DESCRIPTION OF THE TASK — Take the lines below from the one with "Some of the text" through the one with "this 1280×1707 image." and retype them exactly. Include nothing else, and no pictures.
:::::
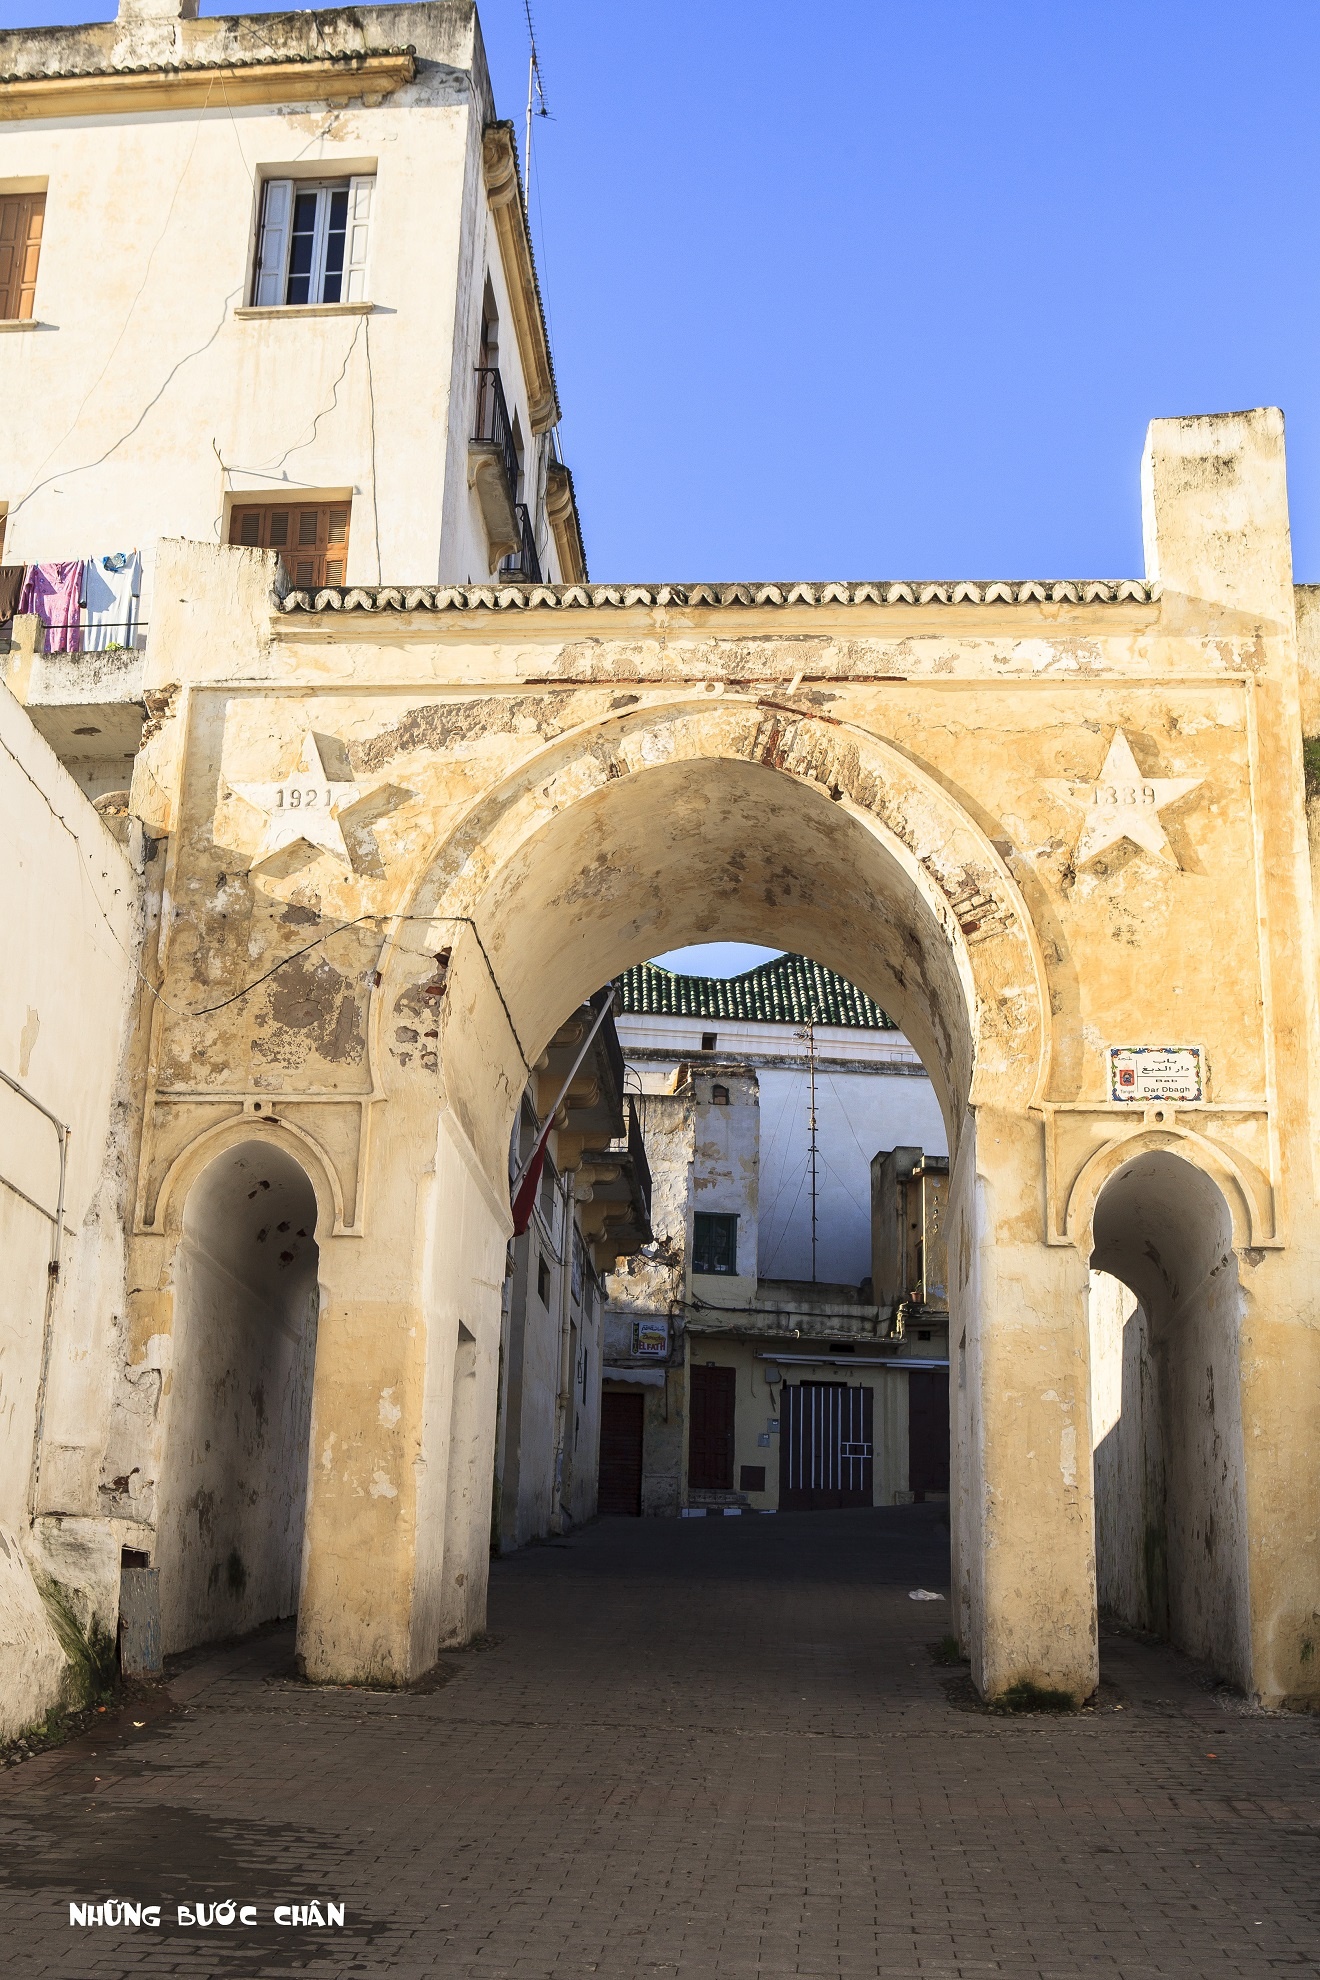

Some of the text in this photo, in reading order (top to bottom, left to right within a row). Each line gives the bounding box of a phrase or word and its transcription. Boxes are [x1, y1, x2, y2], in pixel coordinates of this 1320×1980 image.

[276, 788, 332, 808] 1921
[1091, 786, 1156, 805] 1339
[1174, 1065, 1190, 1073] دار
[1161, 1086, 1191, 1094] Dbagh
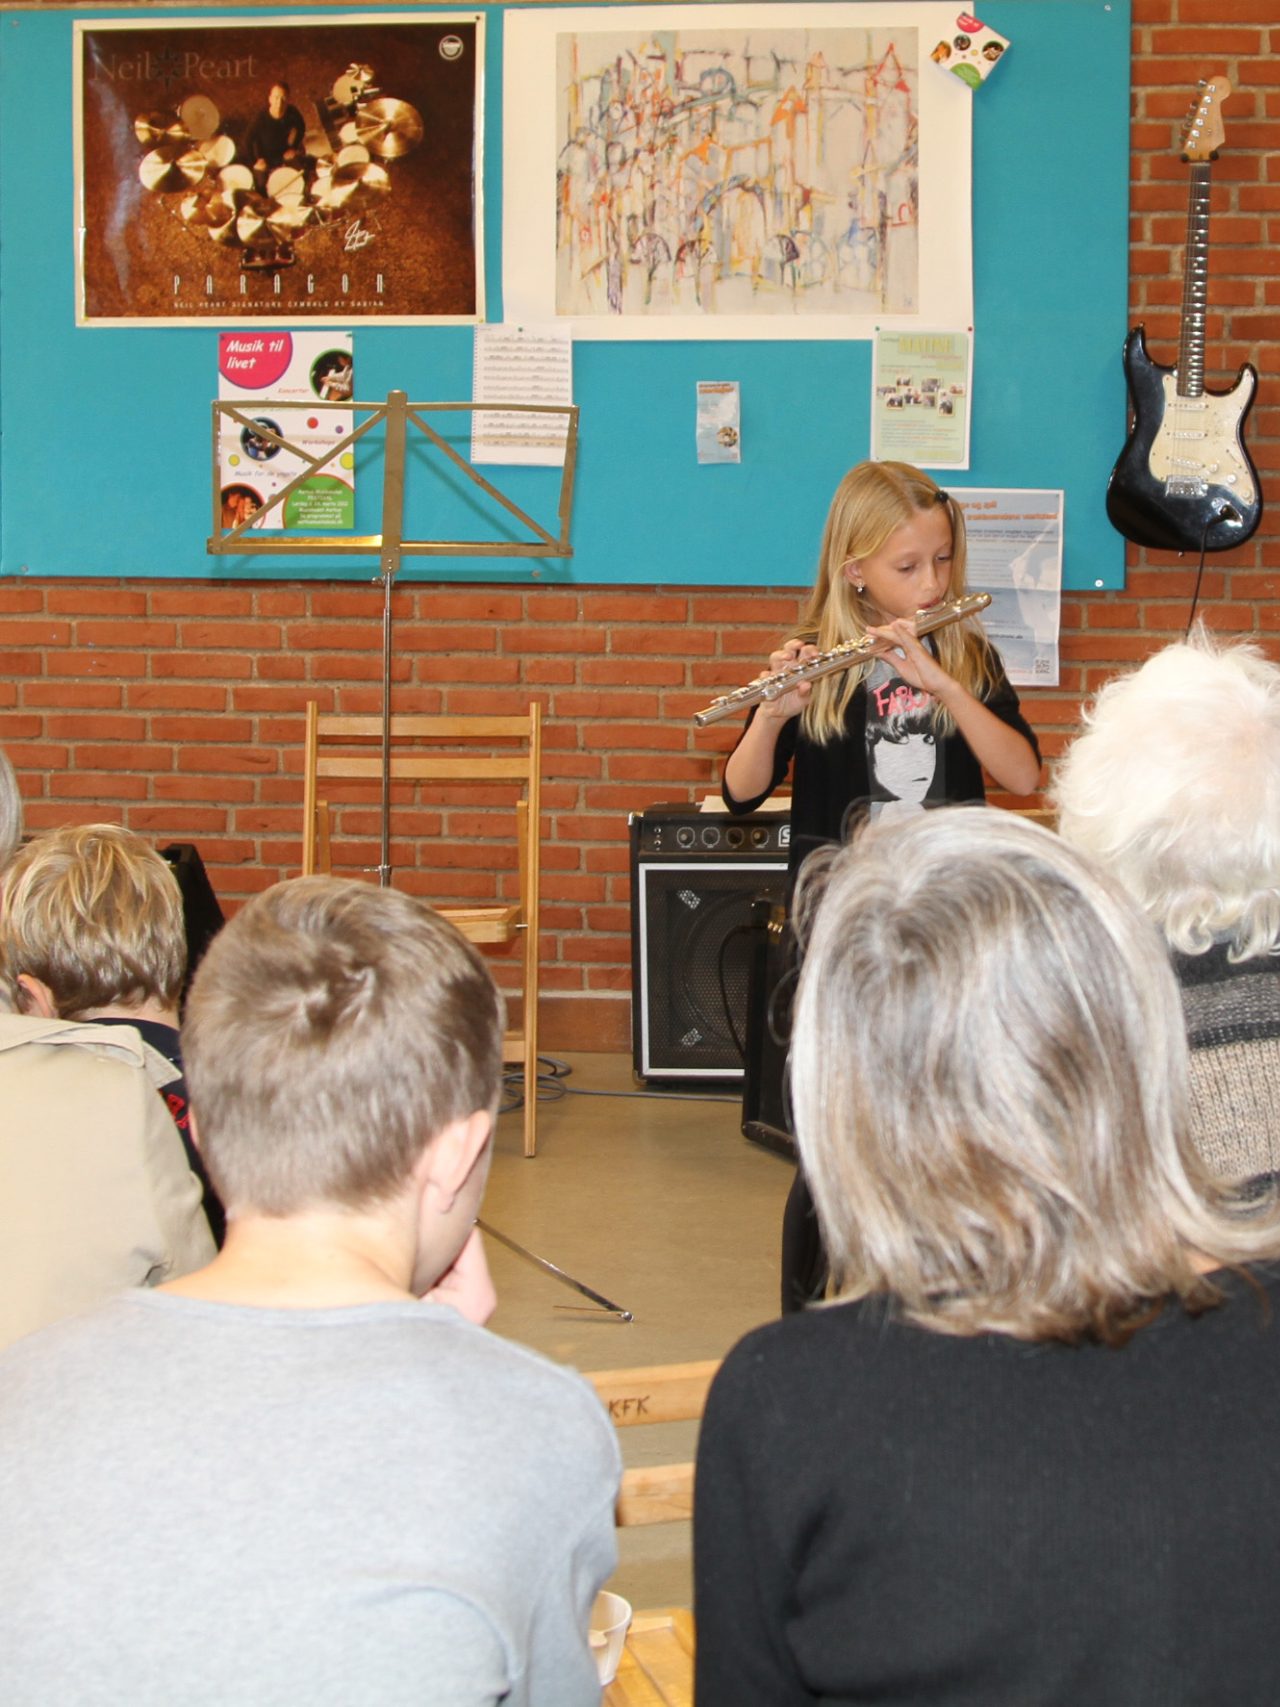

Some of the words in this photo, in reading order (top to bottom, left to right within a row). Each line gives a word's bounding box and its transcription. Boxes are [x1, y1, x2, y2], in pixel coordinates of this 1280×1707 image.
:::::
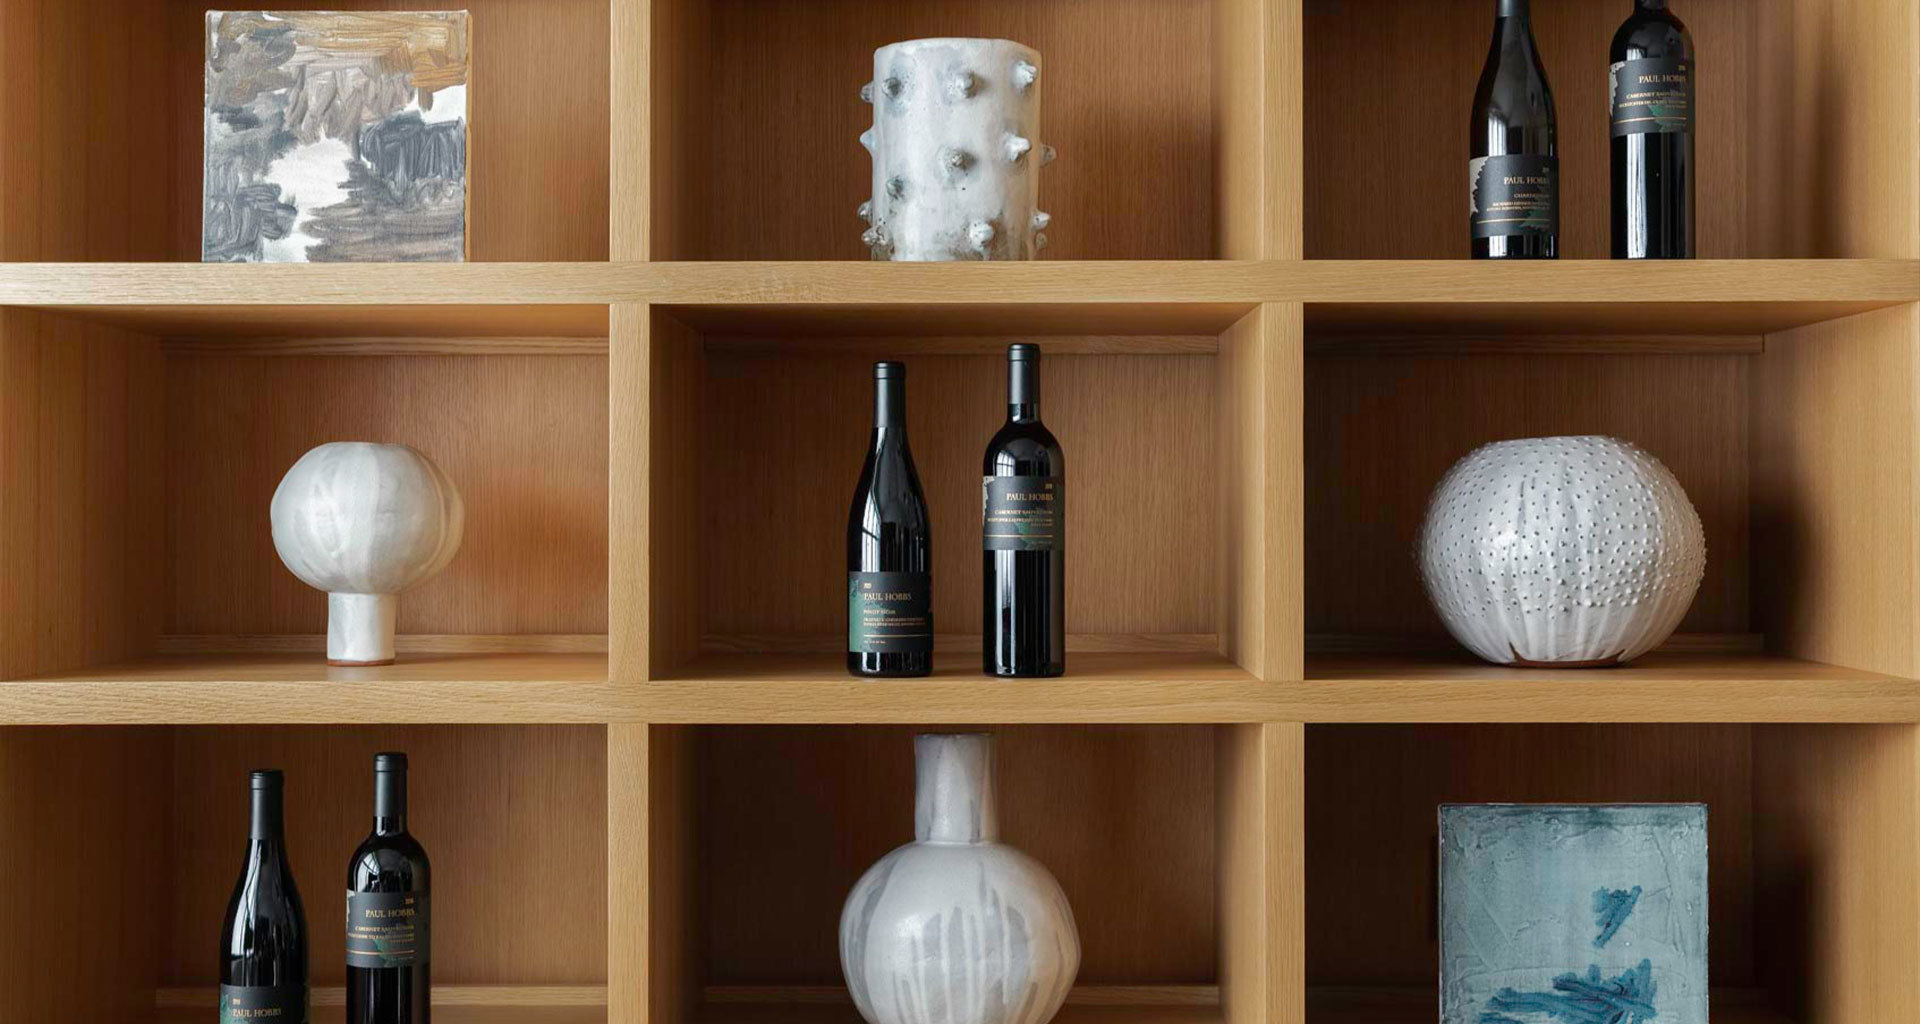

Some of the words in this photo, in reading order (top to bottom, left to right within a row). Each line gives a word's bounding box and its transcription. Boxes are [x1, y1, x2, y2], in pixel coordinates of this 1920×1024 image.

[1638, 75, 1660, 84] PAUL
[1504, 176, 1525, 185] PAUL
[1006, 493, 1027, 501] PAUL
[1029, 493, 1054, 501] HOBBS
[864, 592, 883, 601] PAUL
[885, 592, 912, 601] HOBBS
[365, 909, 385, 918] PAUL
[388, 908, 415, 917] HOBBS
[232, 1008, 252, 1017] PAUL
:::::
PROBLEM SOLUTION —
Some of the text in this photo, in reading order (top to bottom, left to right within a row). Each line gives the bounding box of a phrase or word and its transcription. Boxes are [x1, y1, x2, y2], in pixel coordinates of this 1320×1980 image.

[276, 788, 332, 808] 1921
[1091, 786, 1156, 805] 1339
[1174, 1065, 1190, 1073] دار
[1161, 1086, 1191, 1094] Dbagh

Some of the words in this photo, in reading order (top to bottom, left to right within a row). Each line gives a word's bounding box and its transcription. Boxes are [x1, y1, x2, y2], in pixel coordinates of this 1280×1707 image.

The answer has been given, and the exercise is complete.